Fins are about the least work.
Seems like any other method for spin stabilization would require lots
I'm not quite sure how a stick works for spin stabilization, anyway.
Canted fins are probably the easiest method to achieve spin.
Well, a within the past few weeks, this poster posted here and on
rec.pyro looking for plastic fin units. I would hazard a guess here is
talking of stabilizing a firework rocket (as that is the only place I
can see the stick comming in, too).
Rocketdragon, if your building fireworks, have you checked out stinger
You can use a few ideas. One is like the McDonnel Douglas DC-X. But
tht gets you lots of base drag and you Cg has to be far forward to get
enough stability. I hve flown 3 of my 28" tall DC-X models and using a
G80 its oretty good. altitude is only about 600 feet.

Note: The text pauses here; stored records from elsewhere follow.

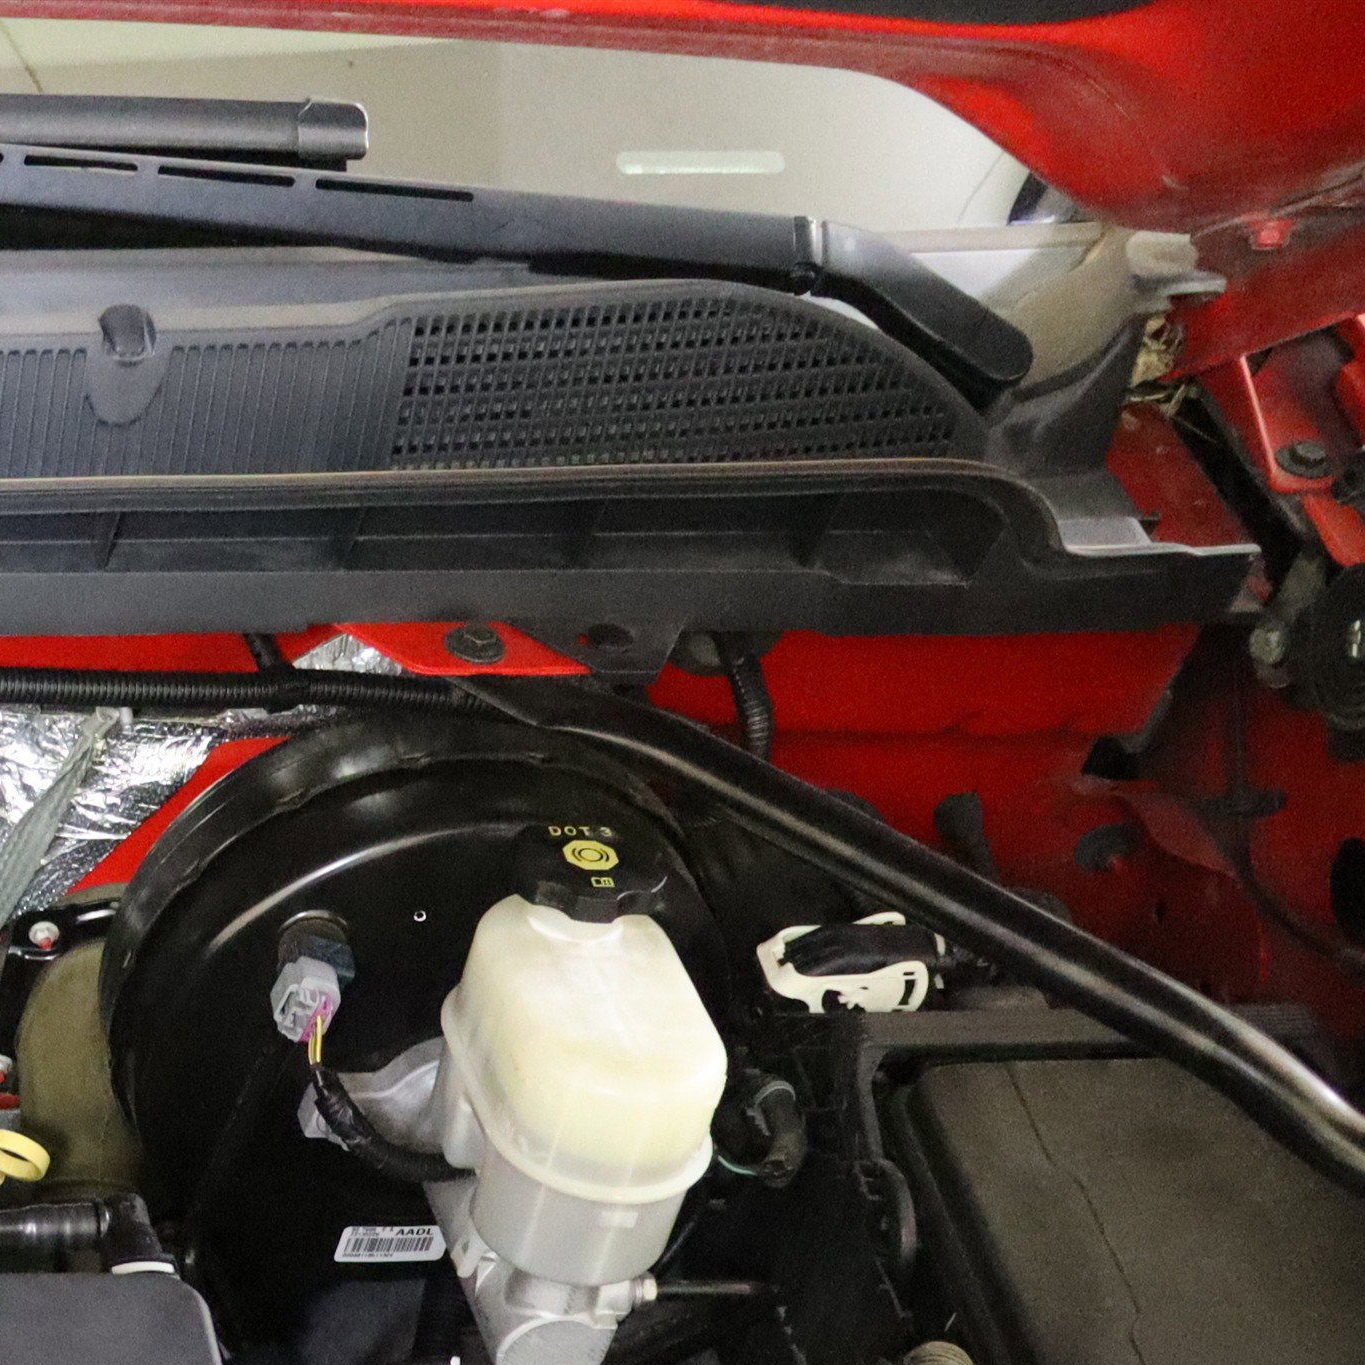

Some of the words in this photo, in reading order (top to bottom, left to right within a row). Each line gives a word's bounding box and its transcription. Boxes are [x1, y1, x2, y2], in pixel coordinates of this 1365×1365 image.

[548, 826, 590, 837] DOT
[600, 827, 612, 838] 3
[395, 1228, 434, 1236] AADL
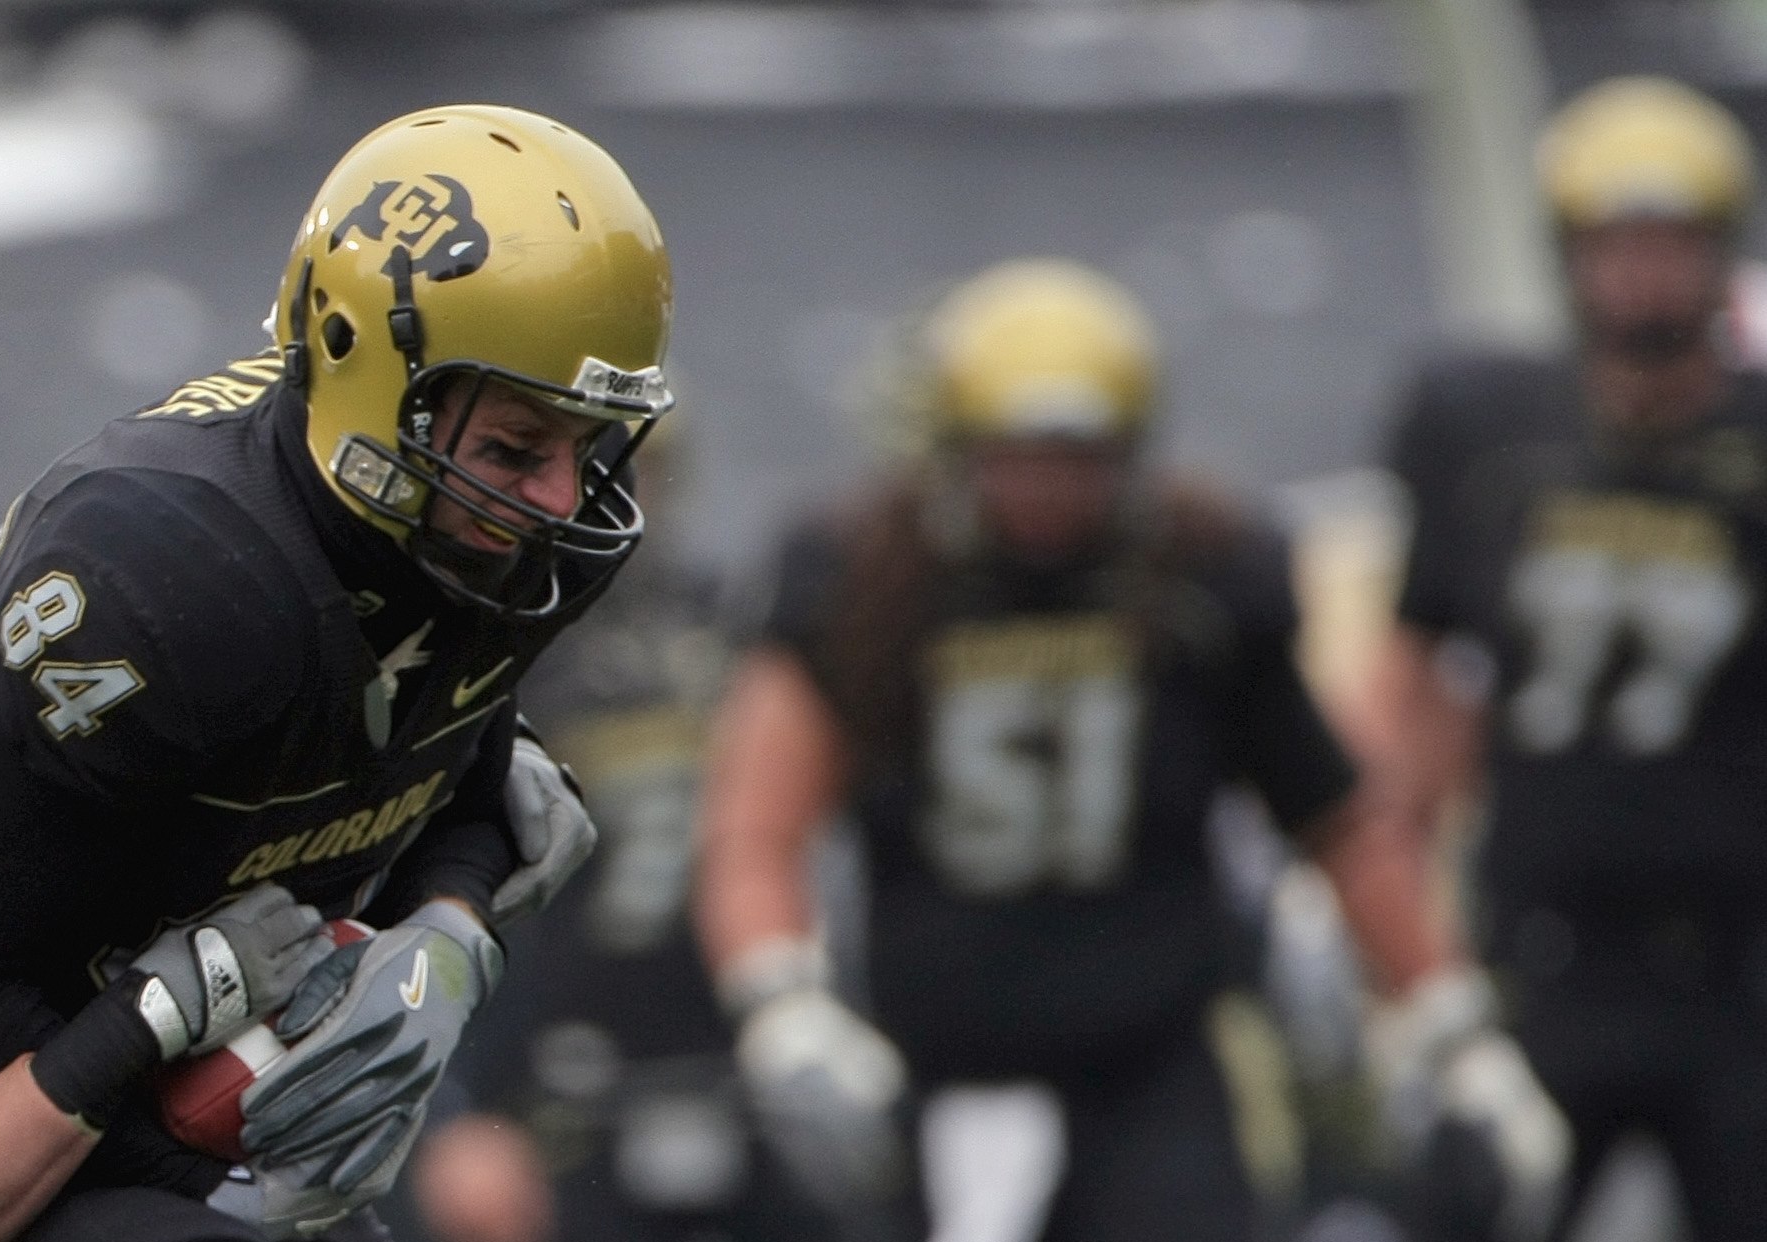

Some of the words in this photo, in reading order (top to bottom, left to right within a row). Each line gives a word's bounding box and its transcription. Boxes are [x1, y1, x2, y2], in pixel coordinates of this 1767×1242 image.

[0, 570, 147, 742] 84
[1511, 540, 1753, 757] 77
[918, 675, 1140, 898] 51

Other ideas are to use screens or wires at the base. the Soviets liked
to do this on thier N-1 as an example, like having a drag brake out.
Cut short sections of tube from the same material as your
airframe. Make them as long as or a little longer than their
diameter (between 1.0 to 2.0 times longer). Glue them to each
other and to the airframe at the base of the rocket, they'll fit
perfectly around the airframe, touching the airframe and each other.
They line themselves up automatically, no fiddling around to get
the fins lined up and perpendicular. And they're super-stable;
tube-finned rockets fly straight and true.
Full scale rockets would have some sort of active guidance, negating
the need for passive stabilization fins. On smaller things like
sounding rockets, tube fins would probably add more frontal drag and
weight than the designers would like.
Well, I don't know about "real world", but I have seen a large
(10' tall, 7" airframe) tube-finned rocket fly on M and N motors,
including the AT N2000 and the CTI N2500 - its liftoff weight on
an N was about 80 lbs.
Not surprisingly, a tube-finned rocket flies as straight and true
scaled-up to that size as it does in the model- and mid-powered
sizes. But the tube-finned design is draggy - those N-powered
flights only reached about 7200', IIRC.